Two pharmaceutical companies plan to restart production of a decades-old malaria drug following research that suggests it may help to combat the new coronavirus COVID-19.
The United States government has focused on testing the drug and developing it in response to the coronavirus pandemic.
Mylan (MYL) and Teva Pharmaceuticals (TEVA) plan to kickstart production of hydroxychloroquine, which is also approved for treating lupus or rheumatoid arthritis. The medicine has been prescribed sparingly, mostly to travellers, and was in short supply this month, according to the American Society of Health-System Pharmacists, which counted a handful of manufacturers that were not shipping tablets.
More than a dozen generic drugmakers, including Teva Pharmaceutical Industries Ltd., Mylan NV and Novartis AG’s Sandoz unit, manufacture chloroquine, also called hydroxychloroquine. It comes with few major known side effects, is relatively inexpensive and is widely used around the world. China has been testing it as well.
Reportedly some doctors in the US have been prescribing the medicine after several studies have indicated a promise of a response against Covid-19. This has prompted the Trump administration to act quickly to discover if the drug and a closely related medicine chloroquine can help to halt the spread of the virus.

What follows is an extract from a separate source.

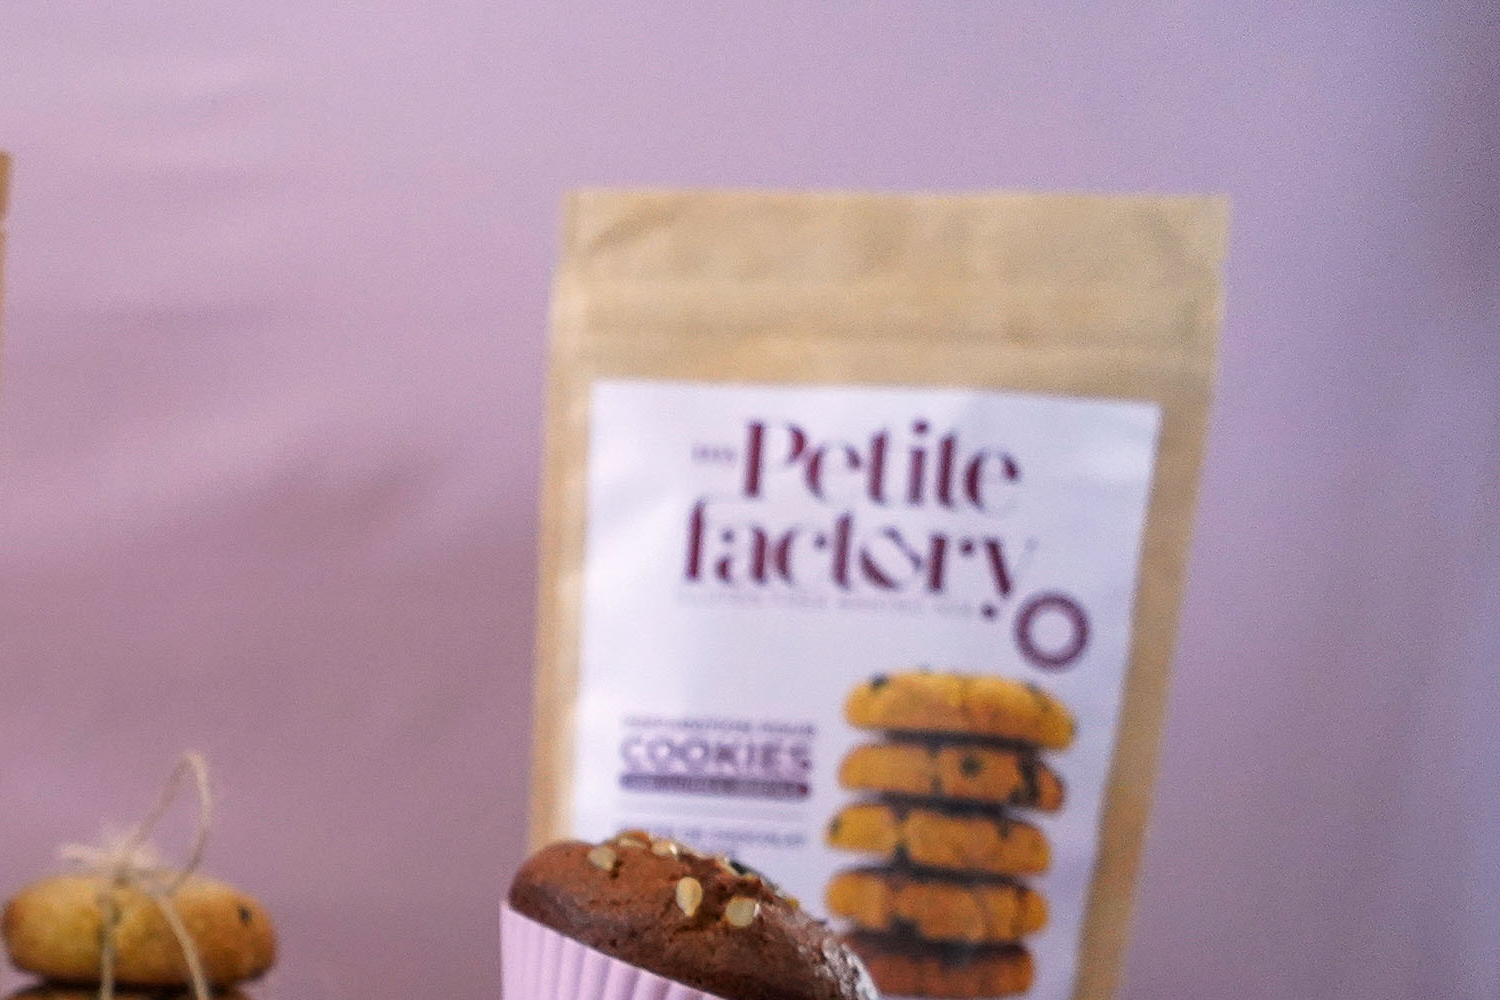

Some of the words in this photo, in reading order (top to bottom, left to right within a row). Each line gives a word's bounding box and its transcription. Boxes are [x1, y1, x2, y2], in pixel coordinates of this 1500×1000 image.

[742, 418, 1024, 509] Petite
[683, 496, 1038, 620] factory
[621, 737, 812, 774] COOKIES

Mylan plans to restart production of hydroxychloroquine tablets at a West Virginia facility to meet “potential” increased demand and is looking to begin manufacturing outside the US in the coming weeks, the company has said. Mylan noted that the World Health Organisation has listed the drug as being under investigation for combating the coronavirus.
The pharmaceutical company anticipates supplying the pills by mid-April, based on existing supplies of the active pharmaceutical ingredient, and the boosting production to provide 50 million tablets and potentially treat a total of more than 1.5 million patients. The potential use of this medicine for Covid-19 related treatment is pending additional FDA and other regulatory body guidance, the company added.